I’ll continue to do a Current Reading post each Monday. 

New Arrivals
Surprise! I did get some things. Thanks to the generosity of friend Jerry House, whose fine blog can be found at Jerry’s House of Everything, I got the three paperback Phantom novels which Jerry recently reviewed (here). Thanks, Jerry!

I also received a pre-order I’d forgotten was even going to come. So here’s the goods:

Since Jerry’s Friday Forgotten review of these is so complete, I won’t try to duplicate it. You see the covers, now go read his entry (link is above in case you missed it).

The Story of the Phantom (1972), The Slave Market of Mucar (1972), The Scorpia Menace (1972) all as by Lee Falk (written by Basil Copper), [published by Avon Books, used copies, gift] – adventure hero, pulp character novels. This kind of thing is usually a blast to read, and a nice change from doorstop SF-F or mysteries.
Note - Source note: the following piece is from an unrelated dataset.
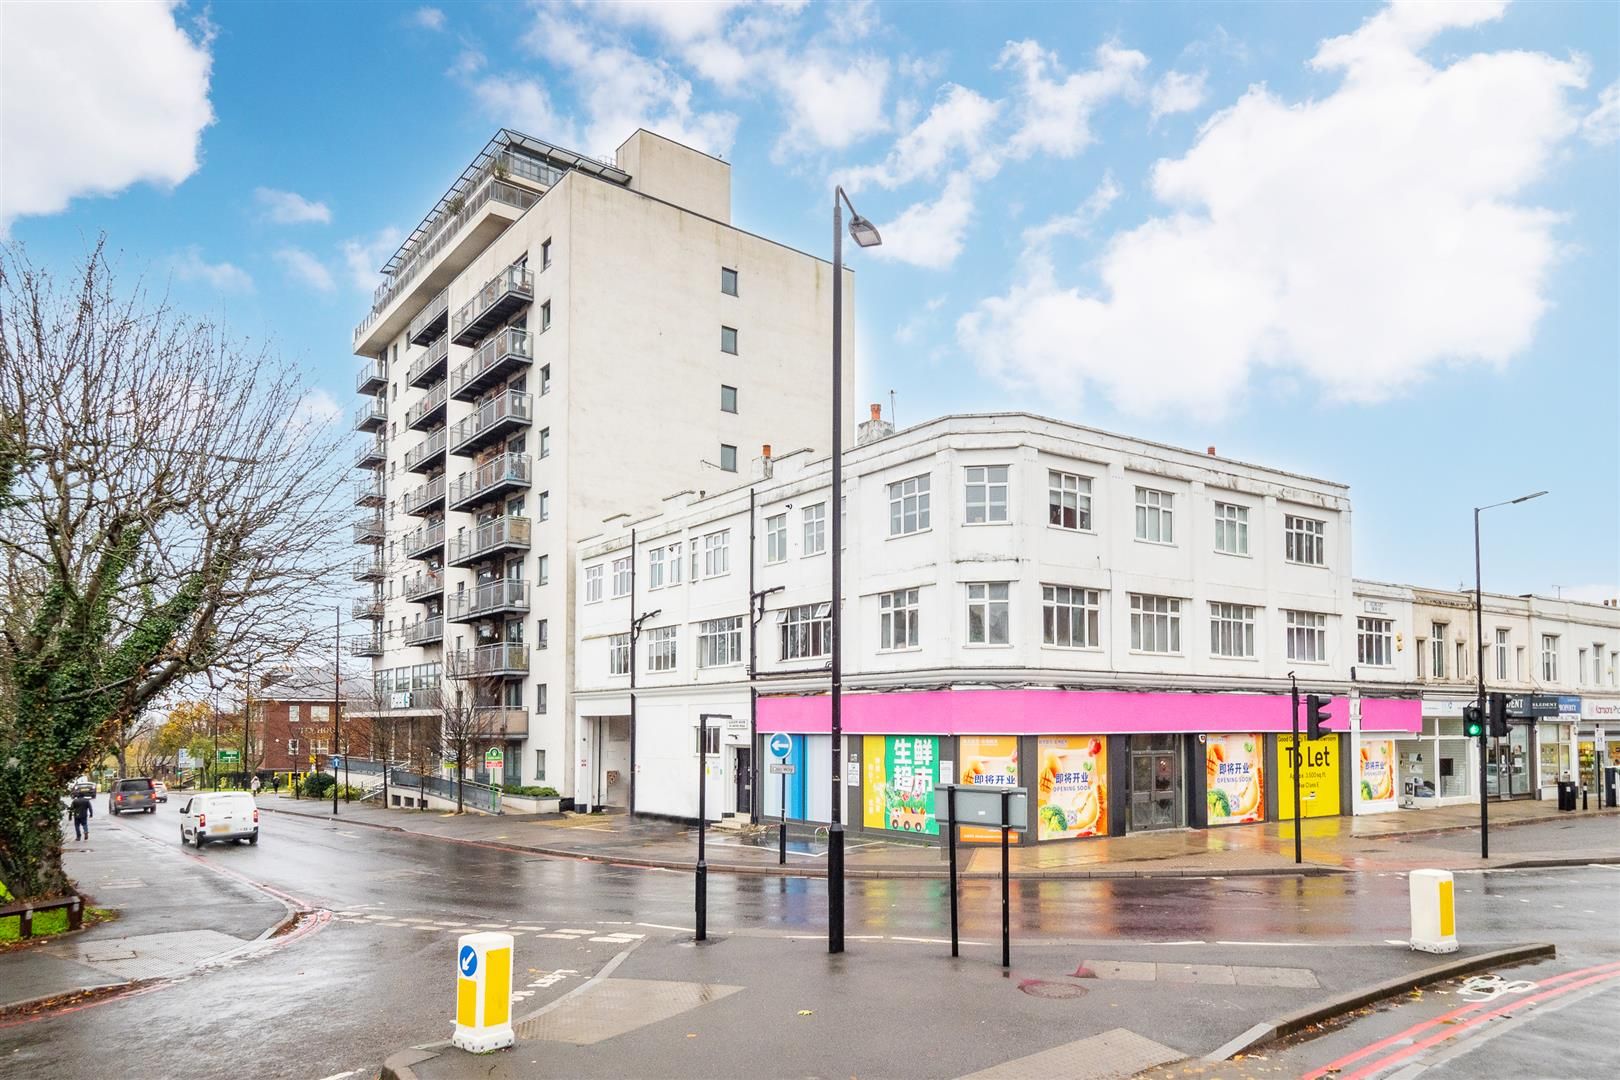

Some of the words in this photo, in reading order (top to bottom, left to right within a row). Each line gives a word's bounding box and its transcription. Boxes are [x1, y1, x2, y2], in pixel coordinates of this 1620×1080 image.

Astro City – Through Open Doors by Kurt Busiek (writer), Brent Anderson (pencils), Alex Sinclair (colors) [Vertigo 2014 graphic collection (Collecting issues 1-6 of Astro City, 2013), purchased new] – collection of 6 issues of the Astro City comic from 2013. This is one of two collected comics that I still buy and read, the other being Fables. They’re both very well written and recommended.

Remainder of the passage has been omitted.